NOR : EAEJ2410269L/Bleue-1

ÉTUDE D'IMPACT

I. Situation de référence

Membre de l'Organisation du Traité de l'Atlantique Nord (OTAN), l'Espagne est l'un de nos principaux alliés européens. La France et l'Espagne partagent aussi un même niveau d'ambition pour la défense européenne. En effet, depuis l'invasion russe en Ukraine, l'Espagne a considérablement augmenté son budget consacré à la défense. Les deux pays ont également défendu une rédaction ambitieuse de la Boussole stratégique1(*). Les convergences d'intérêt entre nos deux pays ont conduit au développement de la coopération dans le domaine de la défense sur plusieurs plans.

Sur le plan opérationnel, la France et l'Espagne mènent des actions coordonnées en Afrique. L'Espagne a été un soutien majeur de l'opération Barkhane (appui aérien) et de la mission de formation de l'Union européenne (UE) au Mali.
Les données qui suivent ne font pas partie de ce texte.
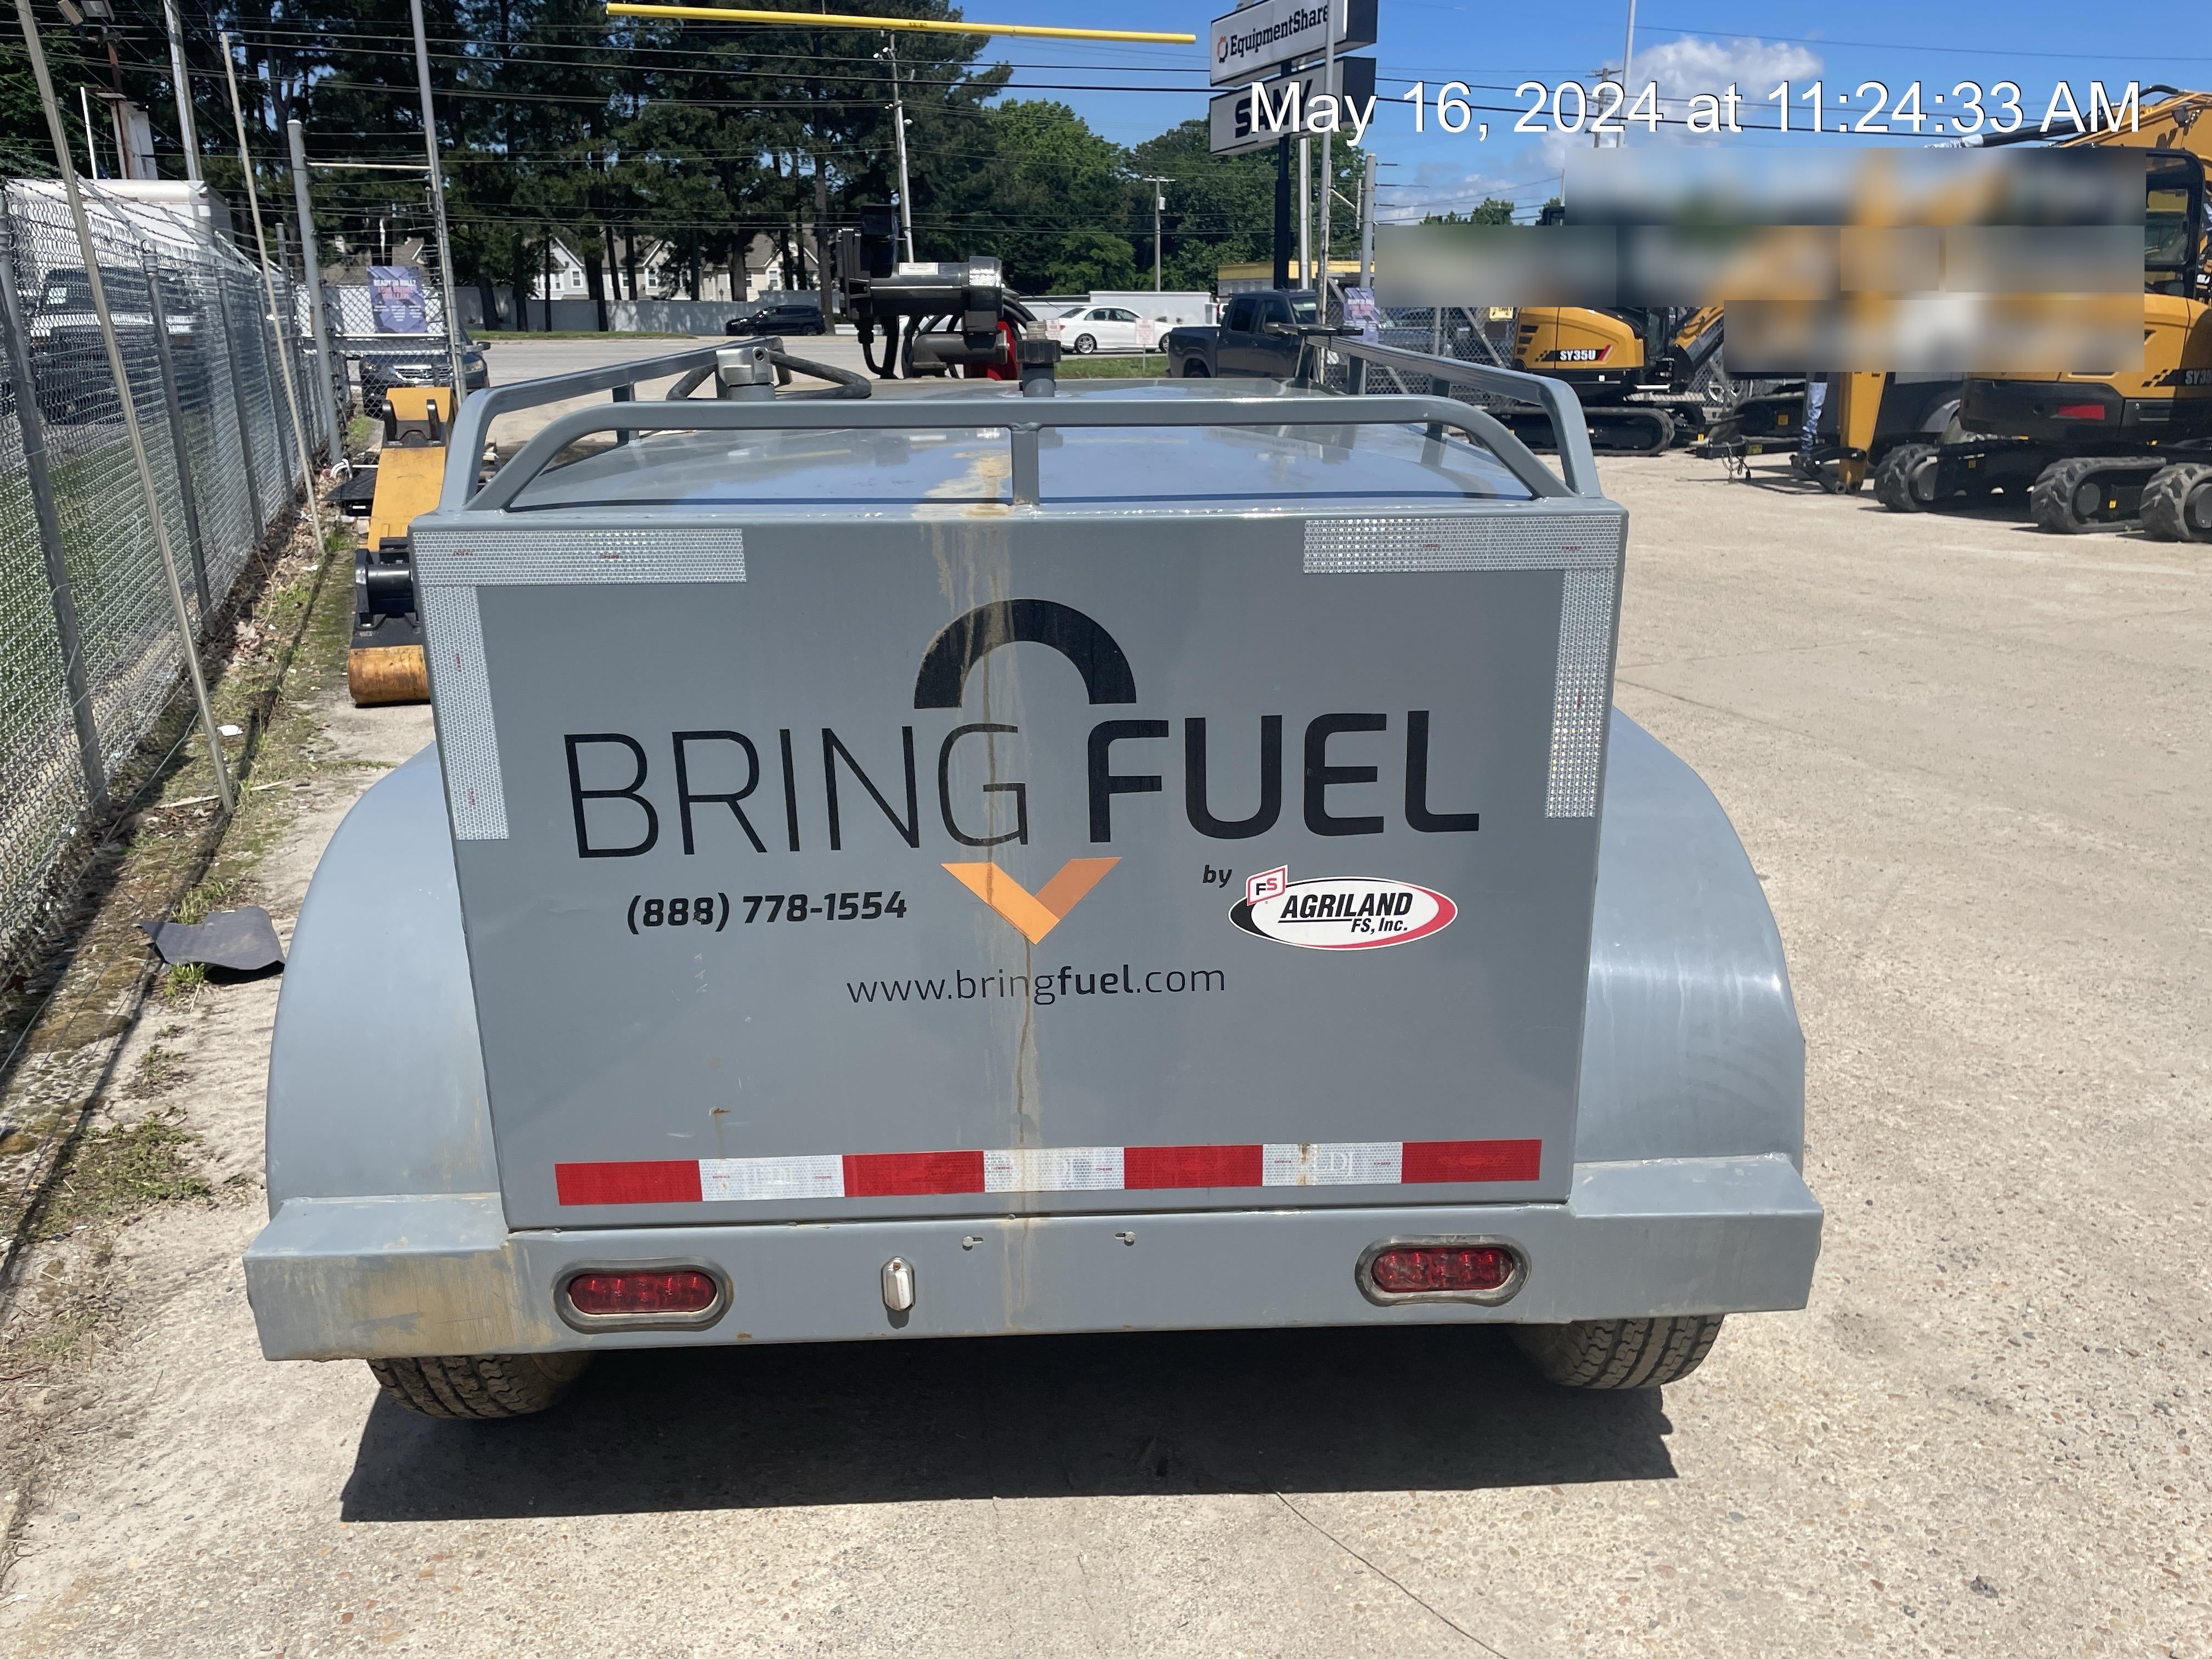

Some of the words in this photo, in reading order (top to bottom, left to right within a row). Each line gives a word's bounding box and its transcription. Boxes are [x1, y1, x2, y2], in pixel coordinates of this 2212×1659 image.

Dans le Golfe de Guinée, les forces françaises et espagnoles agissent conjointement dans le cadre de la Présence Maritime Coordonnée (PMC)2(*).

Sur le plan capacitaire, la France et l'Espagne promeuvent des coopérations majeures, principalement dans le domaine aérien, telles que le futur système de combat aérien du futur (NGWS/SCAF3(*)).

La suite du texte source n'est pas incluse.